Retrieve to Explain: Evidence-driven Predictions for Explainable Drug Target Identification
Ravi Patel, Angus Brayne, Rogier Hintzen, Daniel Jaroslawicz, Georgiana Neculae, Dane Corneil
TL;DR
Retrieve to Explain (R2E) presents a retrieval-based framework that scores each candidate drug target by evidence retrieved from a biomedical corpus, representing answers through their evidence and attributing scores to passages via Shapley values for faithful explanations. The model supports updating with new evidence without retraining and enables human-in-the-loop decision making, showing competitive performance against non-explainable baselines and genetics baselines in predicting clinical trial outcomes. It introduces a masked entity-linked corpus, a transformer-based retriever, and a Reasoner that uses a set-transformer to produce evidence-grounded scores, with Shapley-attributions and a bias-correction mechanism to manage literature bias. The work includes three new benchmarks (held-out literature, gene descriptions, and clinical trial outcomes) and demonstrates that explanation-driven evidence auditing (e.g., with GPT-4) can further improve predictive performance and transparency in high-stakes drug discovery tasks.
Abstract
Language models hold incredible promise for enabling scientific discovery by synthesizing massive research corpora. Many complex scientific research questions have multiple plausible answers, each supported by evidence of varying strength. However, existing language models lack the capability to quantitatively and faithfully compare answer plausibility in terms of supporting evidence. To address this, we introduce Retrieve to Explain (R2E), a retrieval-based model that scores and ranks all possible answers to a research question based on evidence retrieved from a document corpus. The architecture represents each answer only in terms of its supporting evidence, with the answer itself masked.
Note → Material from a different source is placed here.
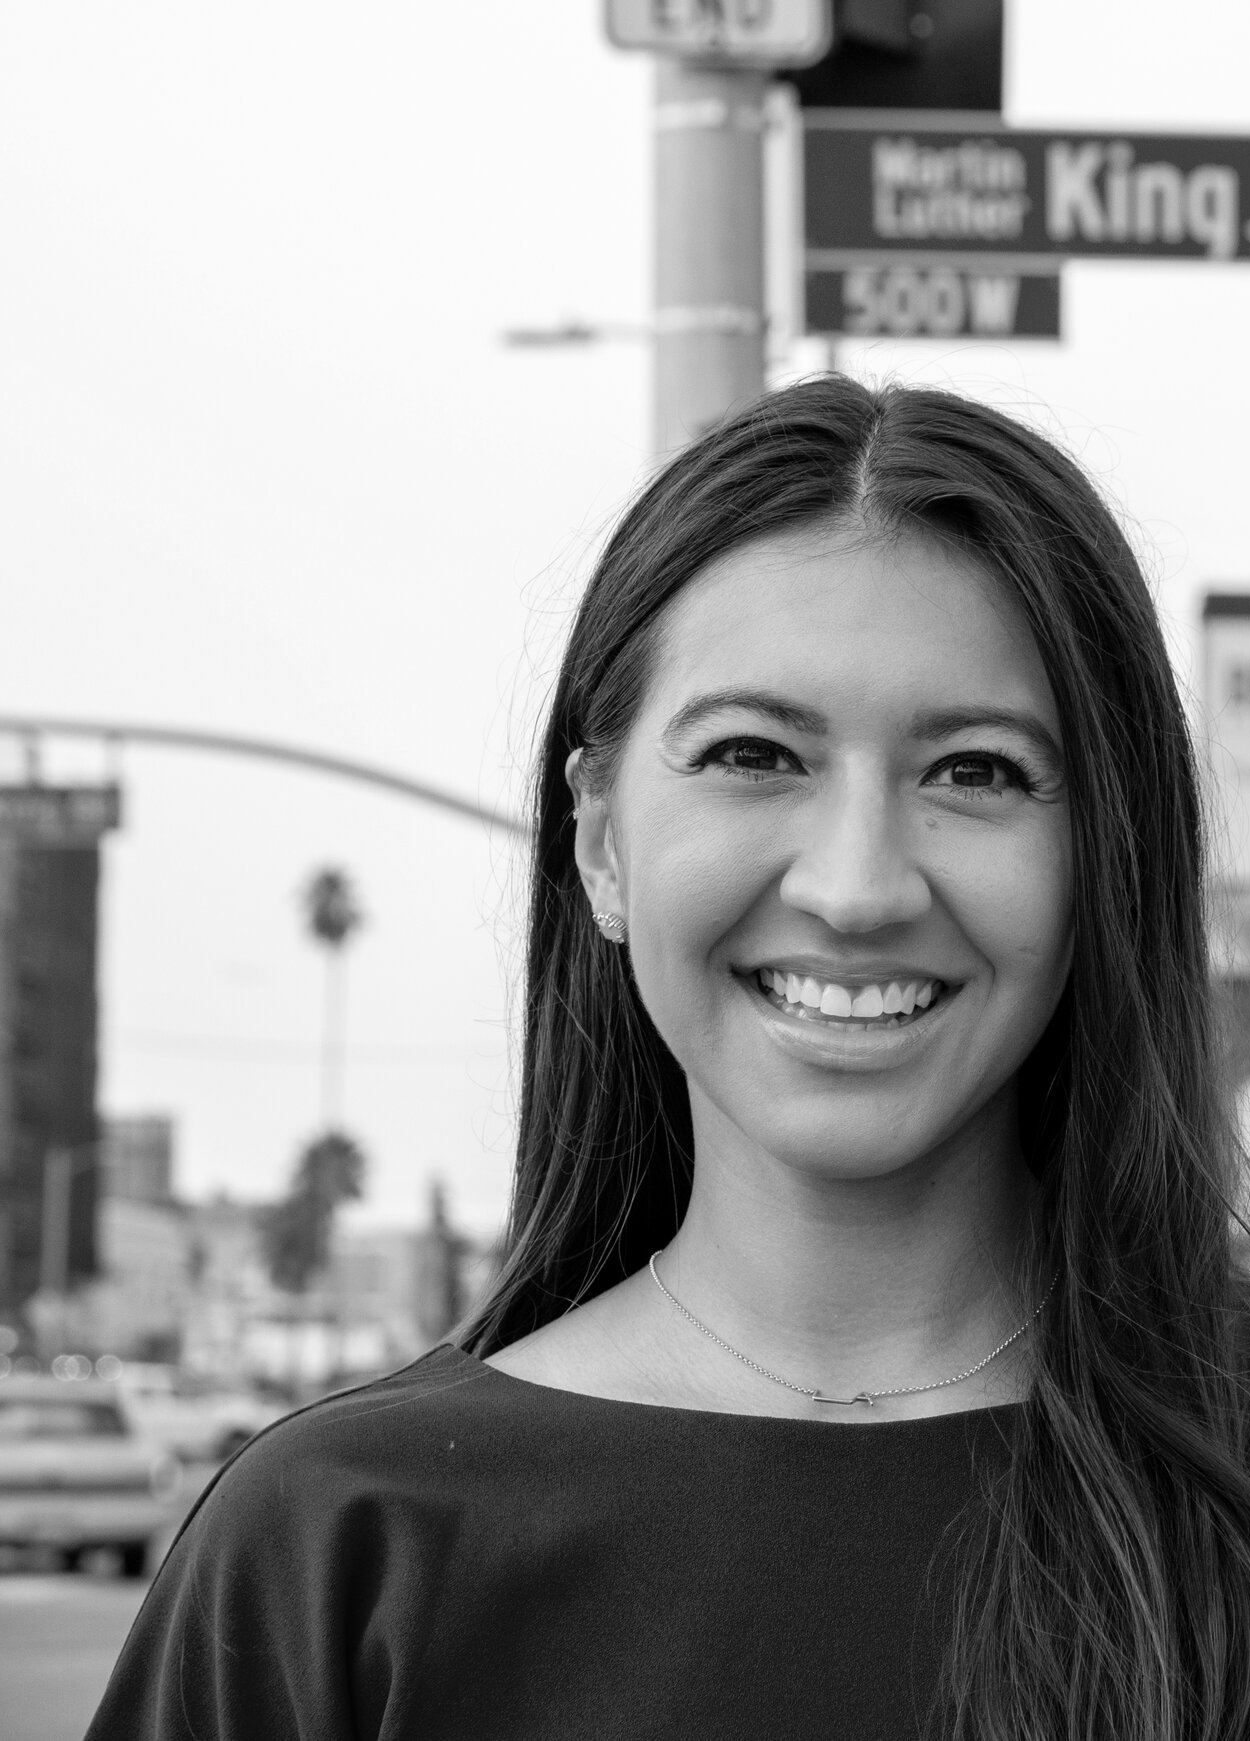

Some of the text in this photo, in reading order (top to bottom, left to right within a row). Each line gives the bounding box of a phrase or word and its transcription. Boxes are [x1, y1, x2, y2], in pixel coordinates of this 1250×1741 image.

This allows us to extend feature attribution methods such as Shapley values, to transparently attribute answer scores to supporting evidence at inference time. The architecture also allows incorporation of new evidence without retraining, including non-textual data modalities templated into natural language. We developed R2E for the challenging scientific discovery task of drug target identification, a human-in-the-loop process where failures are extremely costly and explainability paramount. When predicting whether drug targets will subsequently be confirmed as efficacious in clinical trials, R2E not only matches non-explainable literature-based models but also surpasses a genetics-based target identification approach used throughout the pharmaceutical industry.